Records contained in a dataset
----
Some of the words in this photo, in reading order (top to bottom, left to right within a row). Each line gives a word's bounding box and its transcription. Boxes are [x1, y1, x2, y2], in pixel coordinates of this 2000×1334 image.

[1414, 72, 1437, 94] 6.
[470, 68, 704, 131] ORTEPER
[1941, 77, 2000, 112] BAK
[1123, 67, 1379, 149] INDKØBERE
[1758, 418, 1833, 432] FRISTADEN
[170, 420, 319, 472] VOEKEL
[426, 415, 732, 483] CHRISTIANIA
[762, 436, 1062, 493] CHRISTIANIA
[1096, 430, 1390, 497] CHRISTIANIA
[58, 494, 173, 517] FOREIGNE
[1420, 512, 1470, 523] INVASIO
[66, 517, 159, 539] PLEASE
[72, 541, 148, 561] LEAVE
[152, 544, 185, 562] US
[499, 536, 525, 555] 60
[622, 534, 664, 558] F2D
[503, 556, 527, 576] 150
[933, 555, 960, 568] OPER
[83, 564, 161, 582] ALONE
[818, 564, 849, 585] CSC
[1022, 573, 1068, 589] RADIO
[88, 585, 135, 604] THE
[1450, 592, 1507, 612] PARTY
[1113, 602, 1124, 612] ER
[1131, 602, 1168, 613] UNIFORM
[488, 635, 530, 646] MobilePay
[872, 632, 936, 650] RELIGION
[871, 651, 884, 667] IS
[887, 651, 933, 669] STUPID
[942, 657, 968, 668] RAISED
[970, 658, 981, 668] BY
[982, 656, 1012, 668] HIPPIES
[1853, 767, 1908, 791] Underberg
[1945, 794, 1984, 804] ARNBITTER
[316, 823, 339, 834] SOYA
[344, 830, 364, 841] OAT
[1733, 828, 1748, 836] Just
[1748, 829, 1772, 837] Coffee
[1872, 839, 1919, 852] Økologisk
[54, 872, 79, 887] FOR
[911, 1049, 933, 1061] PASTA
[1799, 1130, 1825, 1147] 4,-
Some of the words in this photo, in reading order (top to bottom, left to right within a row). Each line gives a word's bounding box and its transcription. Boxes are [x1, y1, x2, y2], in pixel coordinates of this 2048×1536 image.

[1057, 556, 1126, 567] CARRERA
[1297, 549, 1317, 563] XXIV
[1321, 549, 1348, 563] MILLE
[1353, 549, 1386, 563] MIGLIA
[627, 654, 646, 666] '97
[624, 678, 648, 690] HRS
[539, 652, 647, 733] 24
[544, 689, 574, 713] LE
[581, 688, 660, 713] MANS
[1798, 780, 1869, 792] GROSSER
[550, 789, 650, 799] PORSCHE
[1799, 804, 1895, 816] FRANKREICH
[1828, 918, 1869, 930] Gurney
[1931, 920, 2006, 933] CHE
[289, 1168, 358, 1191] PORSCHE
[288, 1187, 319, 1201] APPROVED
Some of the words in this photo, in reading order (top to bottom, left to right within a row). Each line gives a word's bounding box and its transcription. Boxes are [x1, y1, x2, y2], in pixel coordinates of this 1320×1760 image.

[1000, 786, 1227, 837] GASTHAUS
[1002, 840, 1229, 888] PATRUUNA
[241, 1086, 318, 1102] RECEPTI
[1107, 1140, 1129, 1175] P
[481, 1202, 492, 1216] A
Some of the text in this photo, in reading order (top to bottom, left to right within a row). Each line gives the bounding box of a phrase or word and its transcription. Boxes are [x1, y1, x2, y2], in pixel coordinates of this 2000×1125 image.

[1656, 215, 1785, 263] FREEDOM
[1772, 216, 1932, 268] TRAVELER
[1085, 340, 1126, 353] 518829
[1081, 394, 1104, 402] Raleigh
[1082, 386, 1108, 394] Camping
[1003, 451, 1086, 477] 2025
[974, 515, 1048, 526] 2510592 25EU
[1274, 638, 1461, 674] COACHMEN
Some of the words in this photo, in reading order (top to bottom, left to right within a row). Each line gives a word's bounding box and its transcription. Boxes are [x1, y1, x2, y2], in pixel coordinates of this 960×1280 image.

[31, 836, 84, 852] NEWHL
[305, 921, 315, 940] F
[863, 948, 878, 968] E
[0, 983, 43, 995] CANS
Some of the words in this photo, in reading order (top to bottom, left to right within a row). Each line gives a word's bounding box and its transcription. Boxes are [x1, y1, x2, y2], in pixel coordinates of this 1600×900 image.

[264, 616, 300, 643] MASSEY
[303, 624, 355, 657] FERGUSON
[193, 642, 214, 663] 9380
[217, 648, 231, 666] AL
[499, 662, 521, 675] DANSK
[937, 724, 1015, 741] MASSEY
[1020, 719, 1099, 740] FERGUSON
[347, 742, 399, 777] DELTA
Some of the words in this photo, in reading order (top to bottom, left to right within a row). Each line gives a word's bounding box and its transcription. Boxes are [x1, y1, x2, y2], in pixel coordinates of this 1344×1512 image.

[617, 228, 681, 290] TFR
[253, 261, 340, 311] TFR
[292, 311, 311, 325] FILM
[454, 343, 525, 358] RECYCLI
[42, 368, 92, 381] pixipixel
----
** Exercise description **
Return, word for word, the lines from the one containing "this 960×1280 image." through the end of the data above, both ends included, and nothing else.

** Worked solution **
Some of the words in this photo, in reading order (top to bottom, left to right within a row). Each line gives a word's bounding box and its transcription. Boxes are [x1, y1, x2, y2], in pixel coordinates of this 960×1280 image.

[31, 836, 84, 852] NEWHL
[305, 921, 315, 940] F
[863, 948, 878, 968] E
[0, 983, 43, 995] CANS
Some of the words in this photo, in reading order (top to bottom, left to right within a row). Each line gives a word's bounding box and its transcription. Boxes are [x1, y1, x2, y2], in pixel coordinates of this 1600×900 image.

[264, 616, 300, 643] MASSEY
[303, 624, 355, 657] FERGUSON
[193, 642, 214, 663] 9380
[217, 648, 231, 666] AL
[499, 662, 521, 675] DANSK
[937, 724, 1015, 741] MASSEY
[1020, 719, 1099, 740] FERGUSON
[347, 742, 399, 777] DELTA
Some of the words in this photo, in reading order (top to bottom, left to right within a row). Each line gives a word's bounding box and its transcription. Boxes are [x1, y1, x2, y2], in pixel coordinates of this 1344×1512 image.

[617, 228, 681, 290] TFR
[253, 261, 340, 311] TFR
[292, 311, 311, 325] FILM
[454, 343, 525, 358] RECYCLI
[42, 368, 92, 381] pixipixel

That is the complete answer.